Over the intervening centuries, socks continued to evolve, with the universal transition to gunnysacks that are more recognisable as a sock today arriving in the period following the French Revolution. The ‘short breech and stockings’ look went the way of most fashion aberrations, and men began to wear longer strides. No longer needing to cover the lower leg, socks got shorter and started take on the appearance of the contemporary sock. They were also a ‘luxury’ most people could afford, for by this time knitting was a common skill; all one required to rustle up a pair was a couple of sticks, a length of thread and a wife.

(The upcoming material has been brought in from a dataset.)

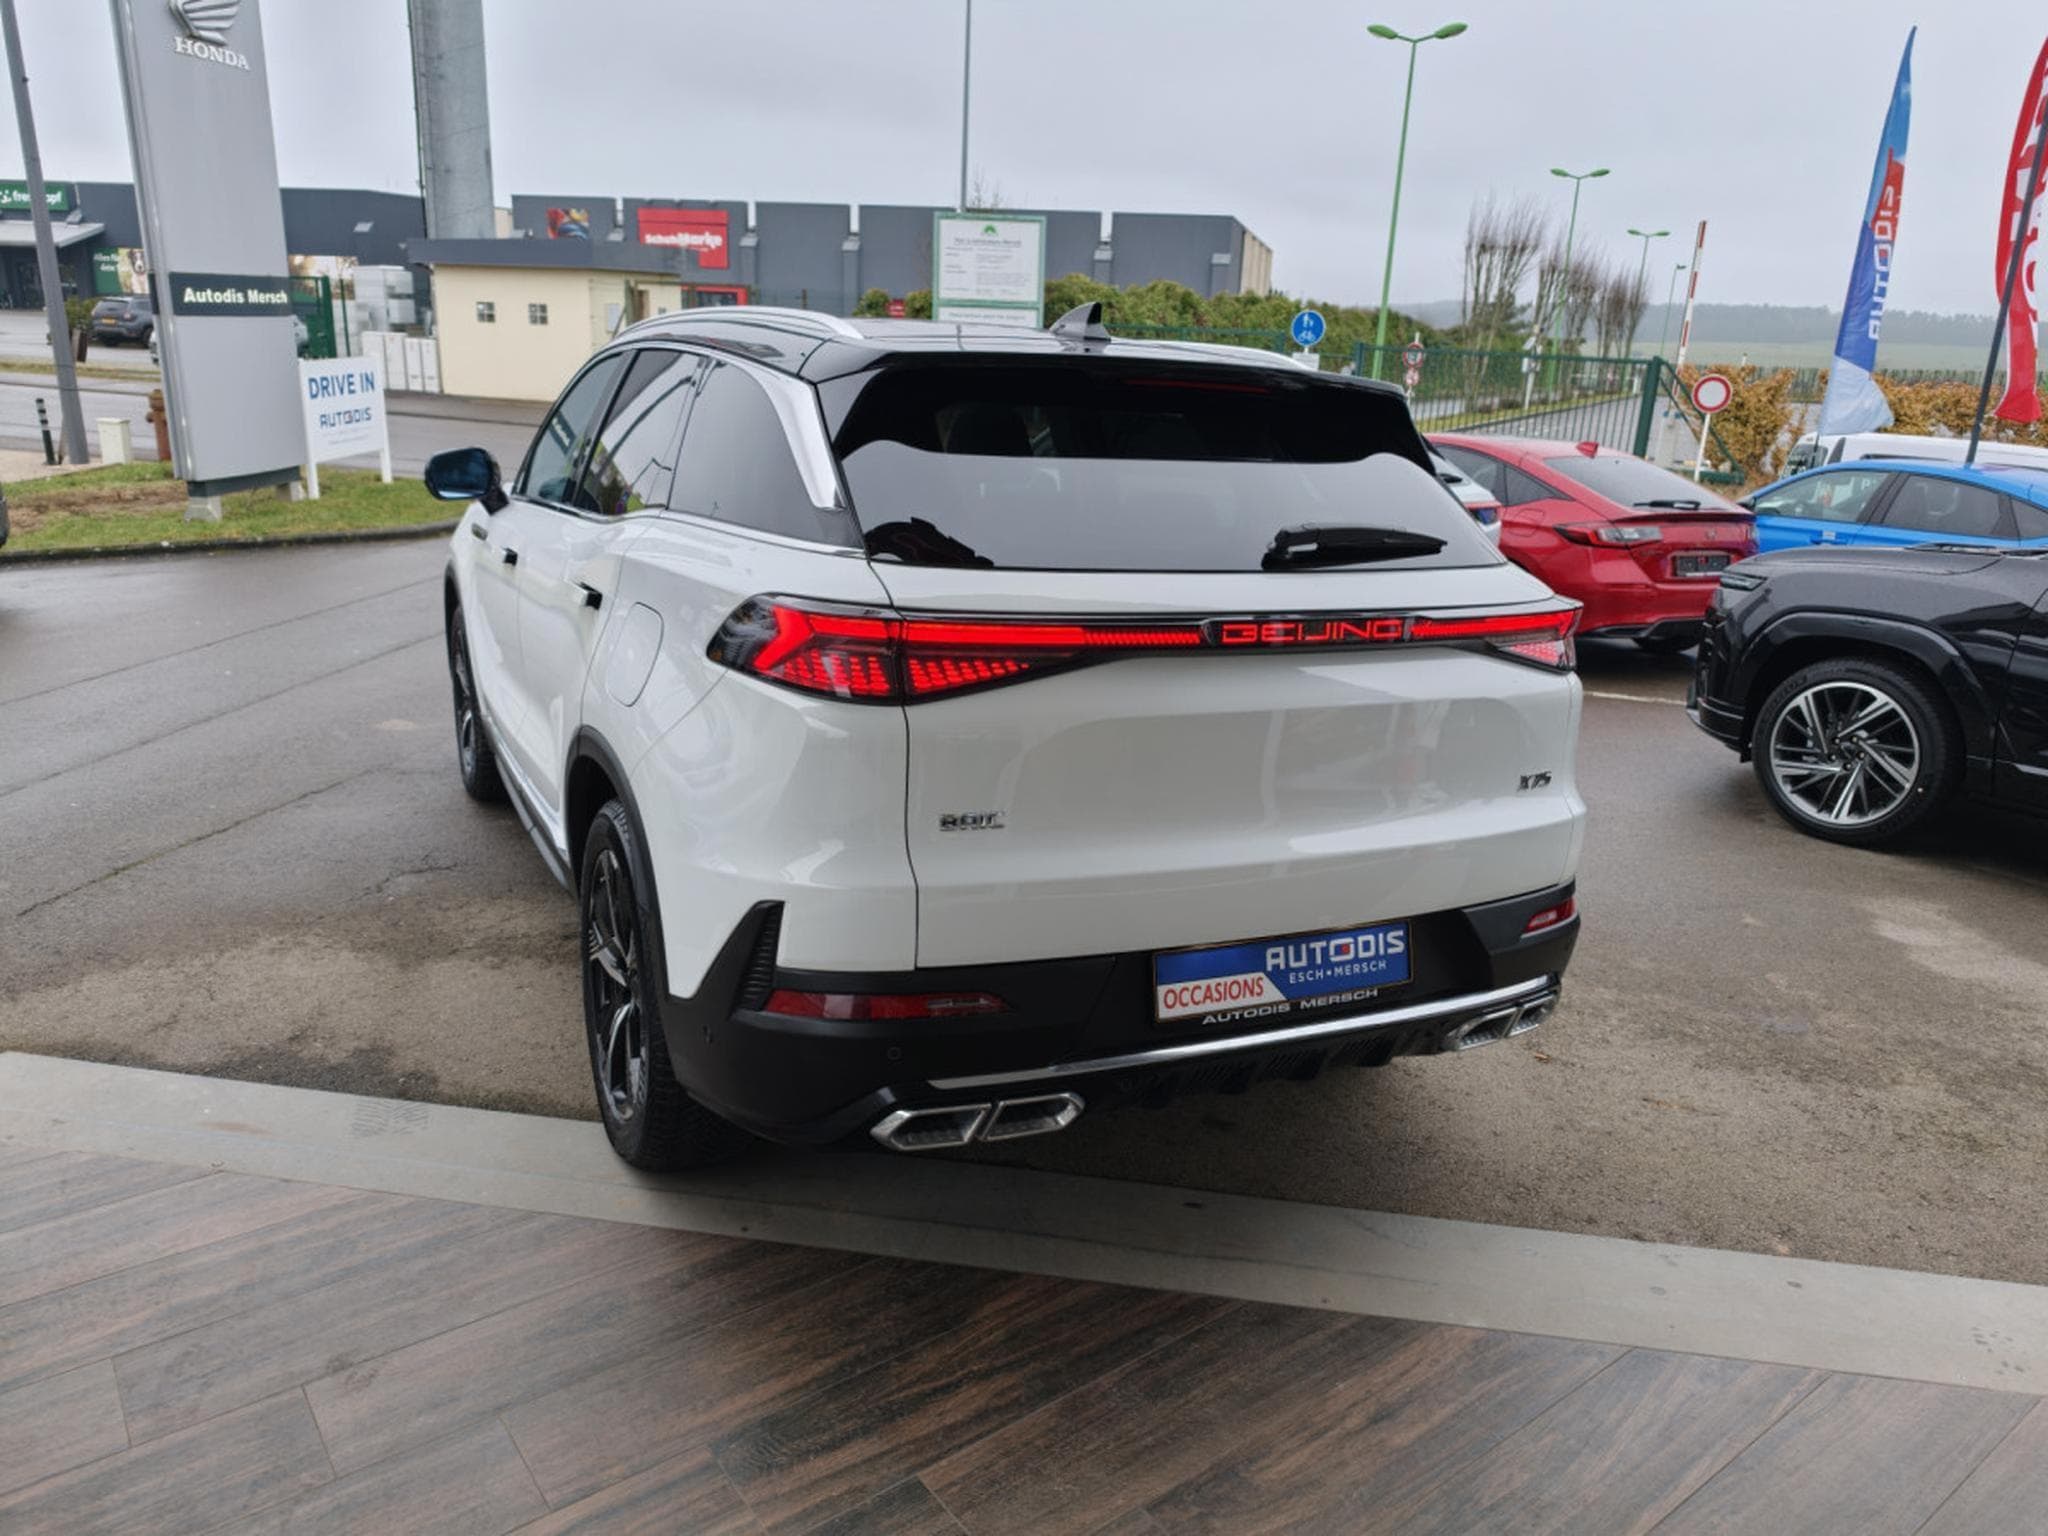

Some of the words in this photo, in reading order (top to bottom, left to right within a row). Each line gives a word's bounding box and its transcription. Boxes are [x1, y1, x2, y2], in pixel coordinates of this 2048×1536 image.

The advent of elastic thread provided the next revolutionary spasm – and although you might take it for granted that your socks will stay at attention, until the end of the 1920s even the finest socks required suspenders. It was also at this point that the classic Argyle pattern was born, the beneficiary of shorter trouser styles that made socks highly fashionable. Then in 1938 came, arguably, the final major sock innovation, the invention of nylon, with its strength and elasticity working well with socks.
Walking on the Wool
When picking a cover for these good and faithful servants who propel you through life, be generous and offer them an experience befitting their efforts
John Arbon Textiles
Nestled in North Devon, John Arbon’s small, family-run business produces a wide range of luxury socks. And it’s all done with an approach, and execution, to warm the cockles of your heart. For it’s a return to the old style of textile manufacturing – sourcing raw fibre (locally wherever possible) which is then converted at their sister company, Fibre Harvest, using traditional worsted machinery to process and spin the fibre into the high quality yarns used in their socks. www.jarbon.com
Provenance doesn’t fall far from the tree with Corrymoor. Based in the Blackdown Hills of Devon, they breed the goats that produce the fibre, which is spun into the yarn that makes their socks. And what socks they are: beautiful mohair socks from Angora goats. Originally from Turkey, where the fibre was the prized reserve of the Sultans, mohair is known as the Diamond Fibre, for its lustre, strength and durability, plus mohair fibres are three times more resistant to rubbing than wool fibres. And, unlike sheep’s wool, mohair fibres are smooth and don’t trap the bacteria that cause smells, so they’re every chiropodist’s friend. www.corrymoor.com
Founded in Carmarthenshire in 1892 by draper Rhys Jones, who had invested in some second-hand knitting machines and begun the production of thigh-high woollen stockings for local colliers. Success begat success and he quickly began to produce a range of finer quality socks, ideal for men to wear to chapel on Sundays. Rhys’ attention to detail and quality meant his company’s reputation grew, with demand rapidly spreading across the whole of South Wales and beyond. Now, some 120 years and four generations later, the company is managed by Rhys’ great-great-grandchildren, Chris Jones and Lisa Wood, and still produces beautiful, durable socks to cover unsightly feet.